_WORK ORDER_. Leaving the pictures aside, return all of the data below exactly.

[Start of Attachment]

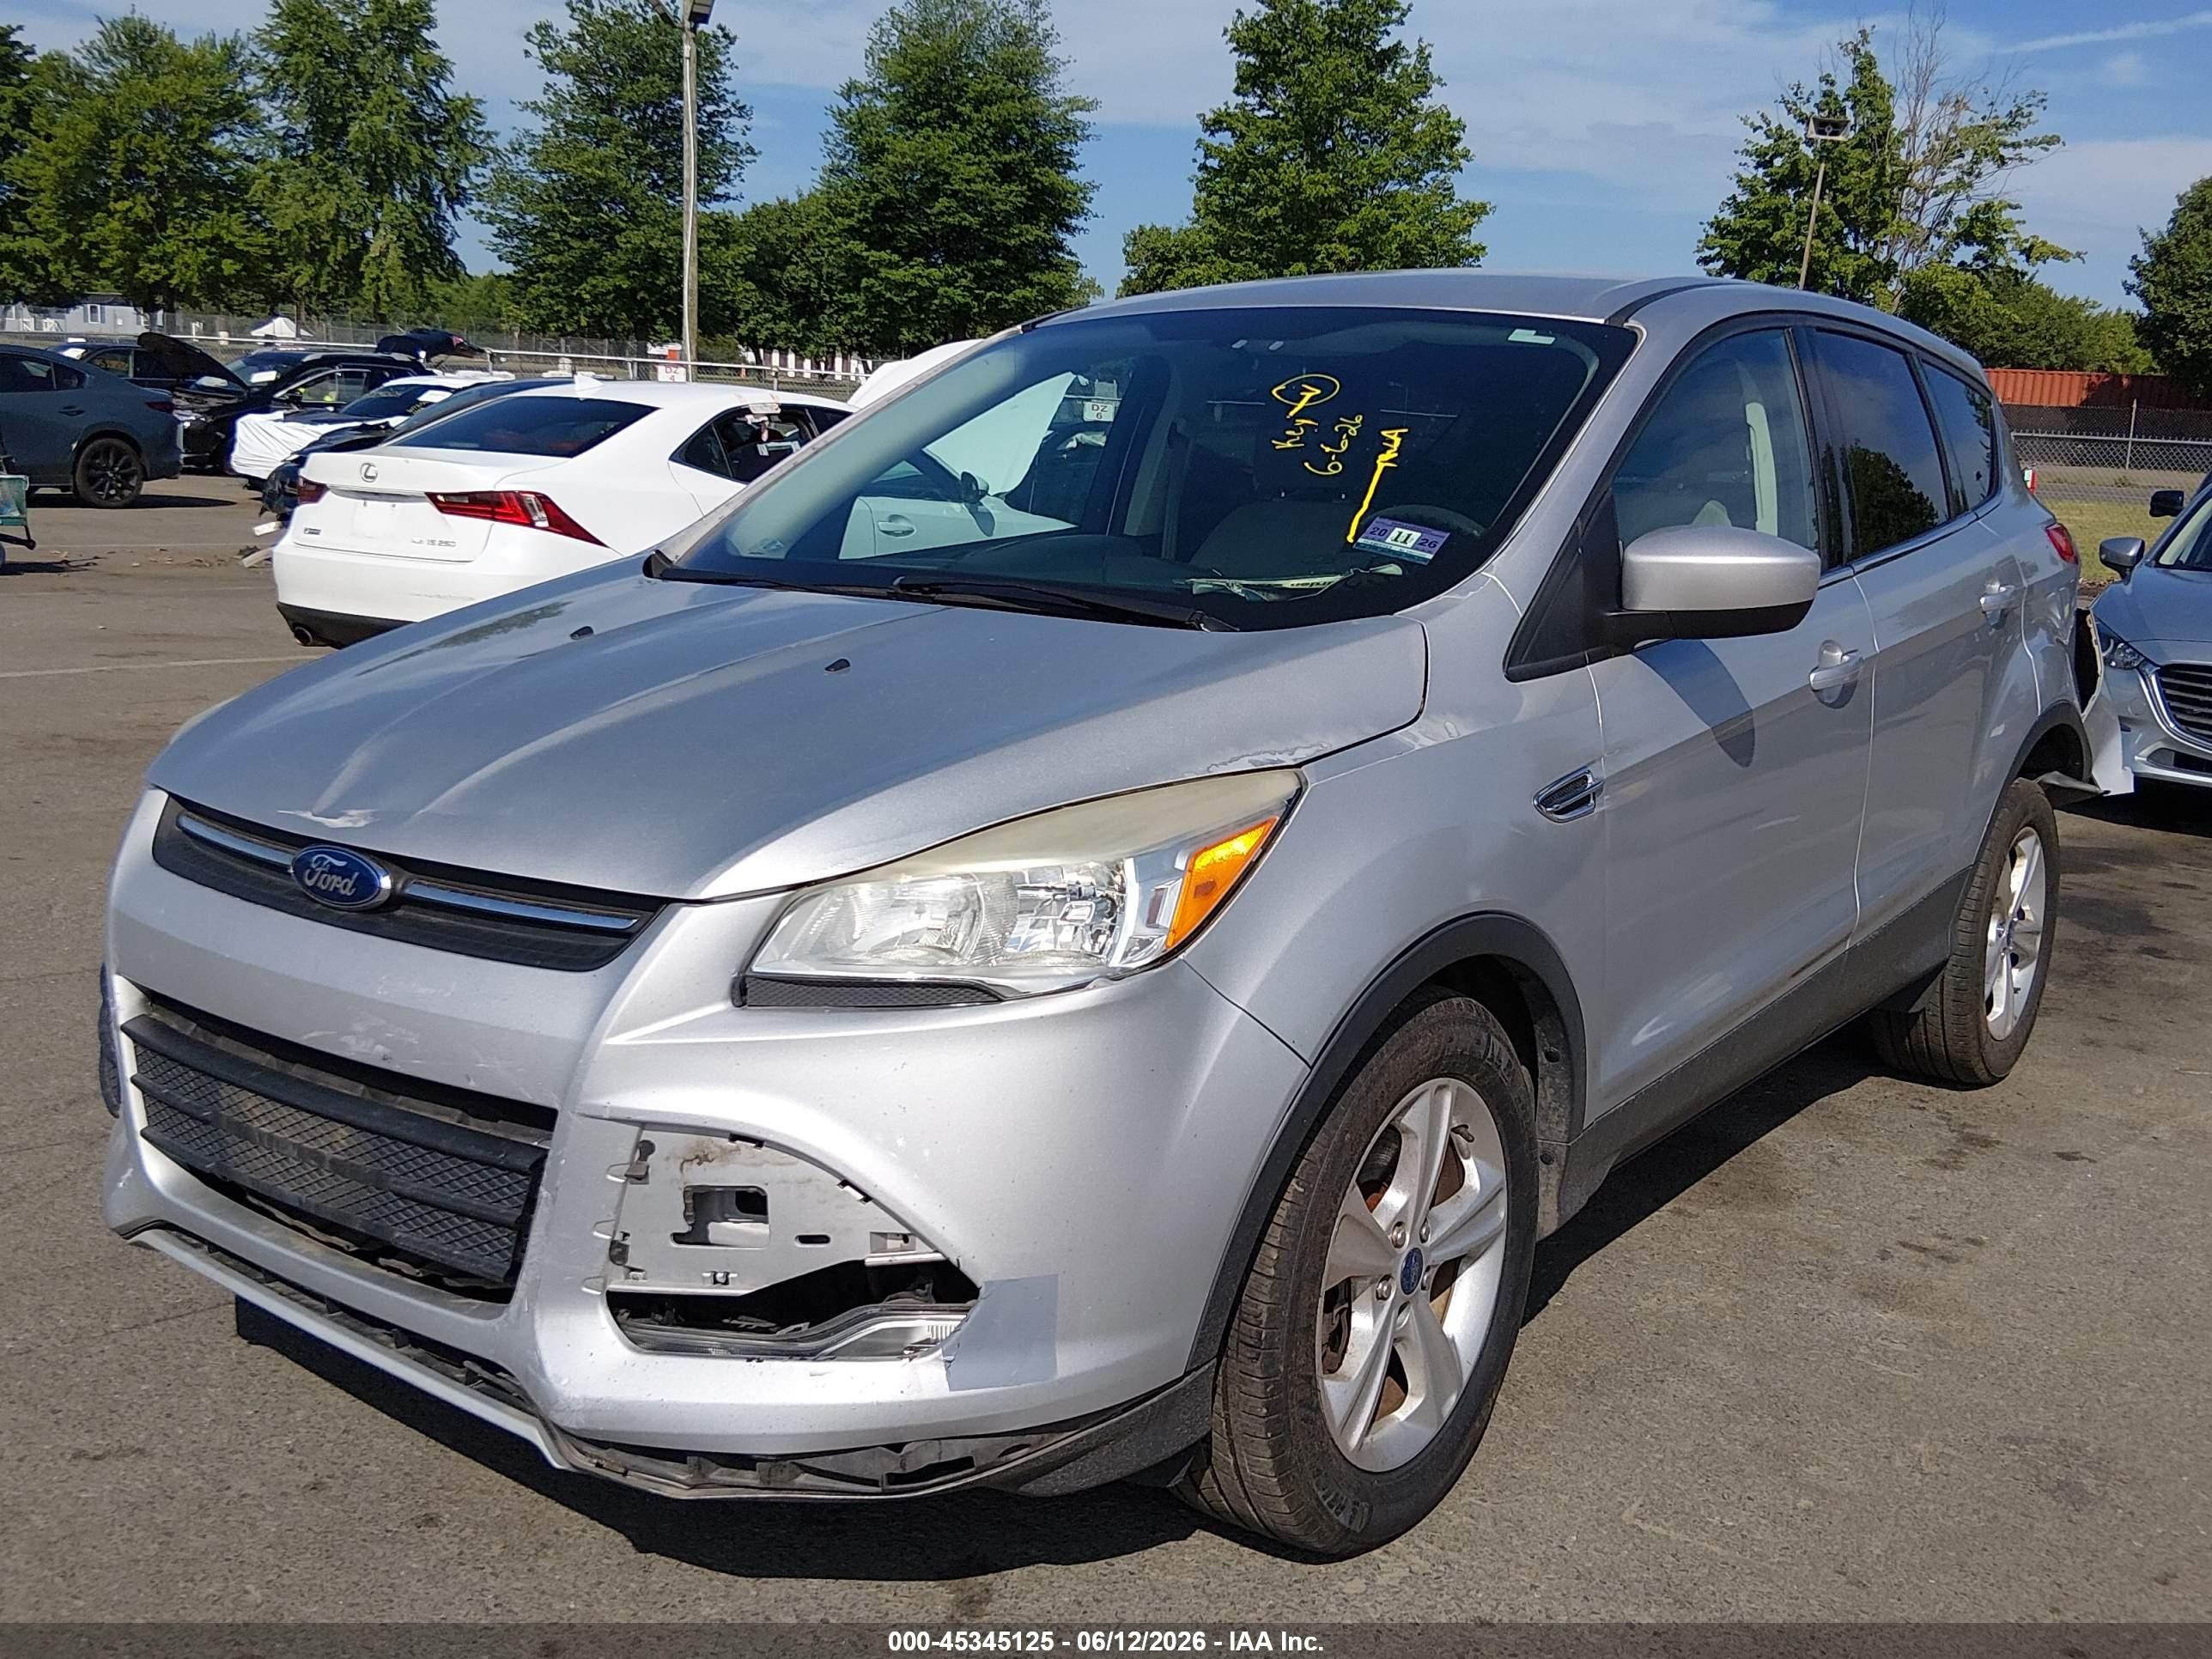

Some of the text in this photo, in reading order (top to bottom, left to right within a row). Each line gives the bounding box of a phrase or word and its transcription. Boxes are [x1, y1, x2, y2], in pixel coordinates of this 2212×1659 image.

[1091, 404, 1108, 412] DZ
[1370, 526, 1389, 537] 20
[1391, 531, 1413, 545] 11
[1418, 538, 1440, 550] 26
[303, 854, 360, 896] Ford

[End of Attachment]

_RESPONSE FOR THIS EXERCISE_.
Some of the text in this photo, in reading order (top to bottom, left to right within a row). Each line gives the bounding box of a phrase or word and its transcription. Boxes are [x1, y1, x2, y2], in pixel coordinates of this 2212×1659 image.

[1091, 404, 1108, 412] DZ
[1370, 526, 1389, 537] 20
[1391, 531, 1413, 545] 11
[1418, 538, 1440, 550] 26
[303, 854, 360, 896] Ford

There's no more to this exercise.